Tanking

A new NBC News/Wall Street Journal Poll says Bush’s approval rating (finally) has dropped below 40 percent

The poll shows that Bush’s approval rating stands at 39 percent, a new low for the president. In the last NBC/Wall Street Journal survey, which was released in mid-September, 40 percent approved of Bush’s job performance while 55 percent disapproved. In addition, just 28 percent believe the country is headed in the right direction, another all-time low in Bush’s presidency.

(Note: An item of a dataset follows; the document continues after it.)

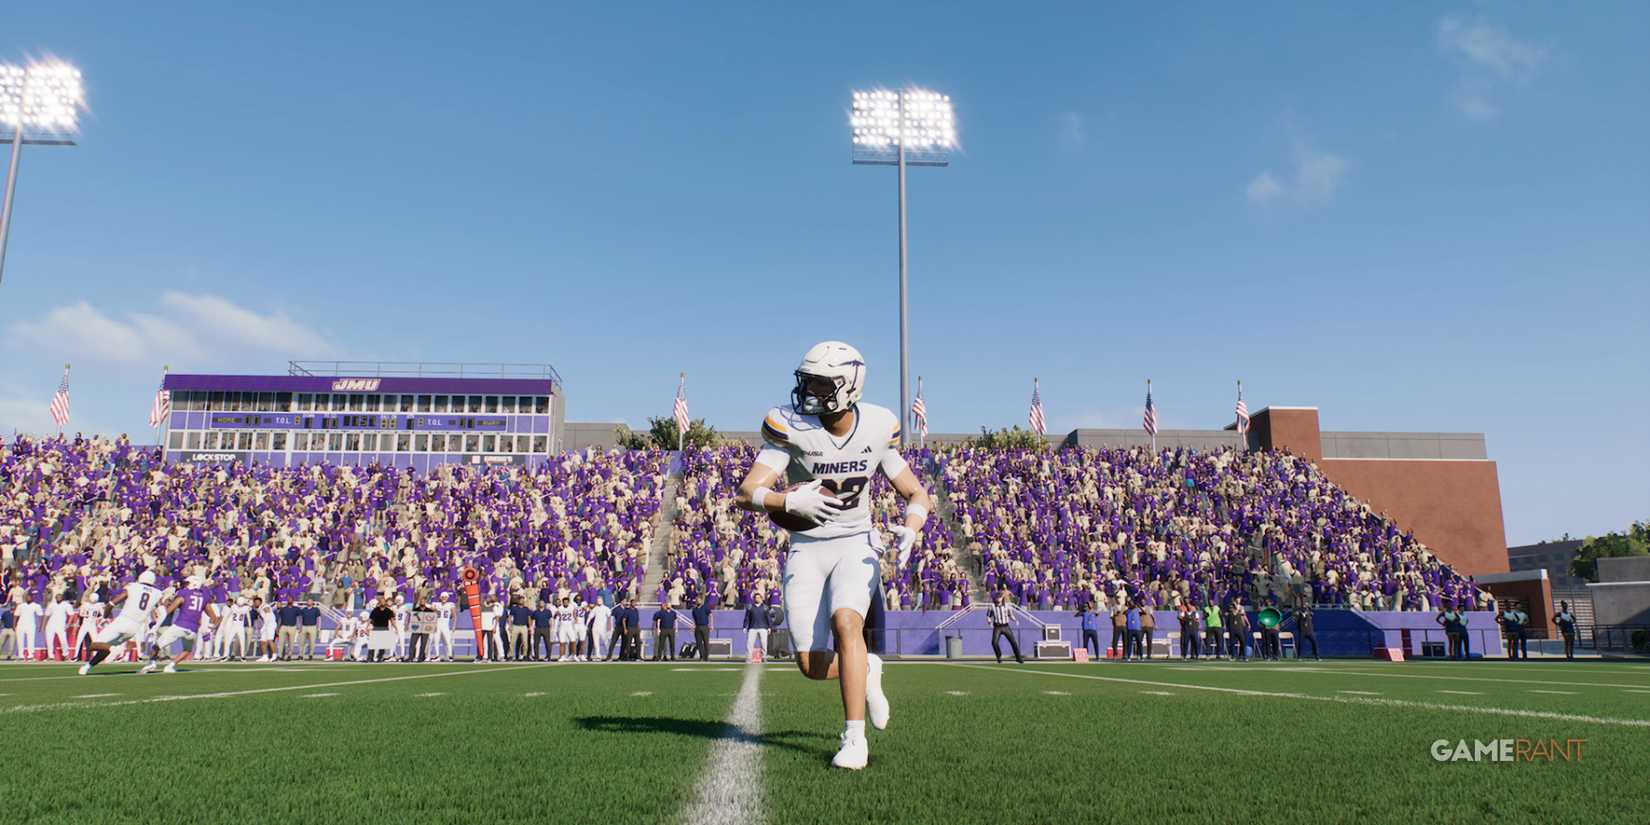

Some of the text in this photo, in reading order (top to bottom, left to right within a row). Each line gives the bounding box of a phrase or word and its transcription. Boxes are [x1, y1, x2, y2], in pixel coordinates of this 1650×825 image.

[332, 378, 382, 391] JMU
[812, 459, 868, 474] MINERS
[138, 592, 151, 610] 8
[188, 595, 204, 611] 31
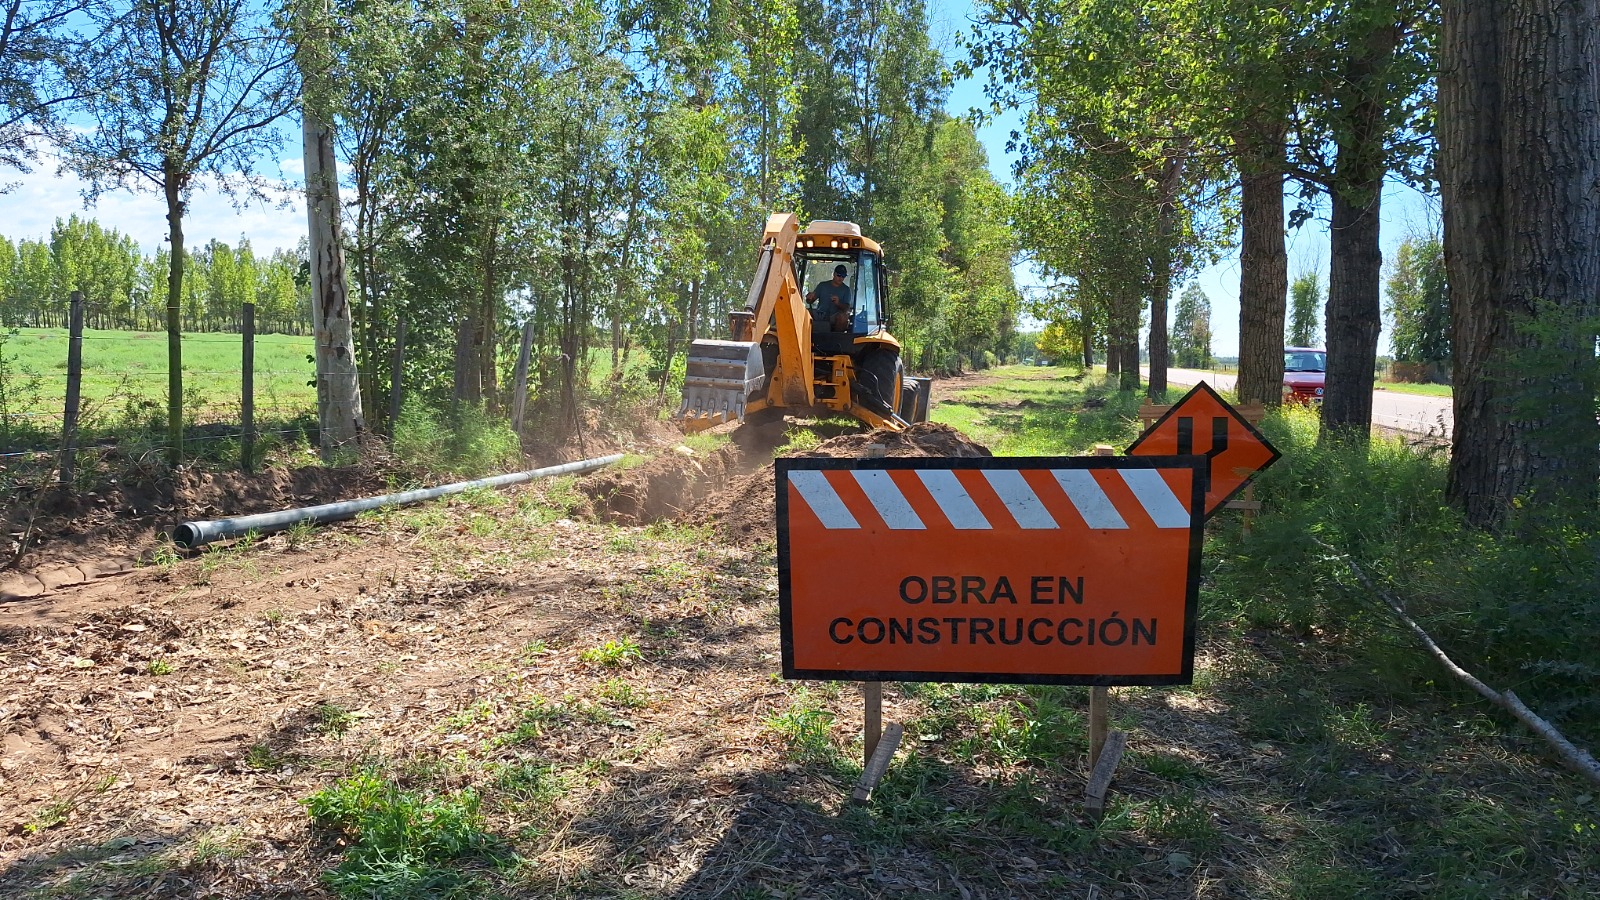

Strikingly, much has happened in the time between those two polls — many of them seemingly positive events for the White House. The president delivered a prime-time speech from New Orleans, in which he promised to rebuild the Gulf Coast. He also made several more visits to the region, to examine the damage caused by Hurricanes Katrina and Rita. Furthermore, he saw the Senate confirm John Roberts to the Supreme Court, and he nominated Miers, his White House counsel, to replace retiring Supreme Court Justice Sandra Day O’Connor..

I’m hardly objective, but I believe all the trips to the Gulf just make him look desperate.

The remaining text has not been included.